13 May 2011
Sorry to go M.I.A. again so soon… I was suffering from a horrible U.T.I. last week, which was turning into a painful (and bordering on dangerous) kidney infection. It’s always something, isn’t it? C’est la vie, as they say. “They” being the French. Anyway, I was out of commission for a few days. The house was a mess, and I wasn’t cooking. I spent two full days laid up on the couch doing nothing but drinking a crap ton of water and peeing every 20 minutes. Some weekend! But once I finally got some antibiotics in me, I was on the mend quickly.
Anyway, I’ve been cooking almost every night since feeling better, but there have been a few repeats. One of them was this super easy meatloaf, which I adapted from Bryanna’s original recipe to suit my own nostalgic taste. Very easy and tasty. I served it with my stand-by Dijon Brussels sprouts and a new side dish that I have to share. They act as a little sneak peak at my new project in the works (new meaning “closing in on a year old in development”): pommes boulangère, or pommes de terre à la boulangère, if you want to be super correct. They are so delicious – I cannot even tell you how imperative it is that you try this recipe out one day. Perhaps wait for the coolness of autumn, since it’s starting to heat up, and these require a good couple of hours in the oven. (I made this on one of the chilly, dreary days earlier in the month.) The name of this dish implies that these potatoes are prepared in the style of the baker’s wife, la boulangère. It is so named because most people living in small French villages in the countryside did not have ovens in their homes. Instead, casseroles and baked dishes were taken to the only place in town with an oven – the local bakery – to slow cook during the day and be ready by suppertime. Not to toot my own horn – but I will – these may just be the best potatoes I’ve ever had. Really. So I leave you know with la recette…
2 lbs. potatoes, scrubbed (recommended: Yukon Gold variety)
2 T. canola oil
1 large yellow onion, halved and thinly sliced
2 large, dried bay leaves
2 branches fresh thyme
3-4 cloves garlic, chopped
2-3 c. vegetable stock, as needed
1 T. vegan margarine – diced
Coarse salt and freshly ground black pepper, to taste
Preheat the oven to 325°F.
Heat the oil in a large skillet over medium-high heat. Add the onions, 1 branch of thyme and the bay leaves, and season with salt and pepper. Sauté until softened – about 5 minutes. Lower the heat and sauté until richly caramelized – about 15 minutes more.
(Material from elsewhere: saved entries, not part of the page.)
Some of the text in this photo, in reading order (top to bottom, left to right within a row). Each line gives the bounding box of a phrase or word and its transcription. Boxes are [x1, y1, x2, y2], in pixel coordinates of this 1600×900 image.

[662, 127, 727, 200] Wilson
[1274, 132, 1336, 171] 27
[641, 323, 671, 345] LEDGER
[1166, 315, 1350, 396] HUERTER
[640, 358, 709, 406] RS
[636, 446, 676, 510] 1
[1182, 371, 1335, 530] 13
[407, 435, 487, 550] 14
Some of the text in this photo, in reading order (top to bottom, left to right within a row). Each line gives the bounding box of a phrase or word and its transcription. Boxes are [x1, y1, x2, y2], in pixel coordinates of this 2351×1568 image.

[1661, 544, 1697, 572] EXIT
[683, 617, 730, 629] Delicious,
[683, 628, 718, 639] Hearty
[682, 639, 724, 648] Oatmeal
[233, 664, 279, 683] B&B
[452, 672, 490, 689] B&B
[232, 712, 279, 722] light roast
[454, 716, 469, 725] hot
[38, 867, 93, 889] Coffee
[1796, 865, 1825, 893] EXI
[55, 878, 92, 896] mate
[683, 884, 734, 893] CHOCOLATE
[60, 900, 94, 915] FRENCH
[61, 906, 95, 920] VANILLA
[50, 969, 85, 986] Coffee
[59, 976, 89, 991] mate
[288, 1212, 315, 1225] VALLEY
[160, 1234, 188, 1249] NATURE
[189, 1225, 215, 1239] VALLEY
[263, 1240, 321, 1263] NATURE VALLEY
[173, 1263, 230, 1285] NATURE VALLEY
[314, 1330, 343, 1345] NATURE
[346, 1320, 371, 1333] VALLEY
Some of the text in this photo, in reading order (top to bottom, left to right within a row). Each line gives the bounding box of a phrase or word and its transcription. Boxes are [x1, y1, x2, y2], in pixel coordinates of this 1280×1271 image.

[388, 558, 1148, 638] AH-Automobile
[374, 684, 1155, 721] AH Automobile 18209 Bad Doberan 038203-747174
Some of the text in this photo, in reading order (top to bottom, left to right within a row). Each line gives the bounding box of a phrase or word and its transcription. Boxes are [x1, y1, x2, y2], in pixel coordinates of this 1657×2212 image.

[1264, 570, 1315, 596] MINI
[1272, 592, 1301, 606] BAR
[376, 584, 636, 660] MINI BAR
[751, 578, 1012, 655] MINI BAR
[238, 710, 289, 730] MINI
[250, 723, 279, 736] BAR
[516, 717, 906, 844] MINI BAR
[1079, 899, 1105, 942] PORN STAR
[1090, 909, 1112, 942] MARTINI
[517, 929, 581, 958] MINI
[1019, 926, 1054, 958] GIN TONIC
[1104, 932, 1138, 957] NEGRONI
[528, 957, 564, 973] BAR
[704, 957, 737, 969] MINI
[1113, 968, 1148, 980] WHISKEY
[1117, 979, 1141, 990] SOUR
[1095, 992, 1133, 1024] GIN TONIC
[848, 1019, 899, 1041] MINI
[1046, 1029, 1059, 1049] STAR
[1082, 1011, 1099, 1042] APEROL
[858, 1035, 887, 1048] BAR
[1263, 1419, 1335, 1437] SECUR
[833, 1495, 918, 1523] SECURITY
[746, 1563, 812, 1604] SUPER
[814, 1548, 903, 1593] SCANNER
Meanwhile, thinly slice the potatoes using a mandolin or sharp chef’s knife (you want them to be as thin and even as you can possibly make them). Place the potatoes in a bowl of water while you continue preparing the dish to prevent browning.
Add the garlic to the onions and cook until fragrant – about a minute. Remove and discard the bay leaves. Spread half of the onions evenly across the bottom of a 9 x 13-inch baking dish. Drain the potatoes well and season them with salt and pepper. Lay half of the potatoes in the baking dish on top of the onions in an even layer. Season with salt and pepper and lay a branch of thyme on top. Spread on a layer of the remaining onions, then place on a final layer of potatoes. Pour in the stock (just enough to cover everything), dot the top of the mixture with the diced margarine and season with salt and pepper.
Cover the dish with foil and transfer to the oven. Bake for 2-3 hours, or until the liquid has completely reduced. Remove the foil and continue baking for another 20-30 minutes, or until the top of the casserole is golden brown. Allow to cool for 10-15 minutes before serving.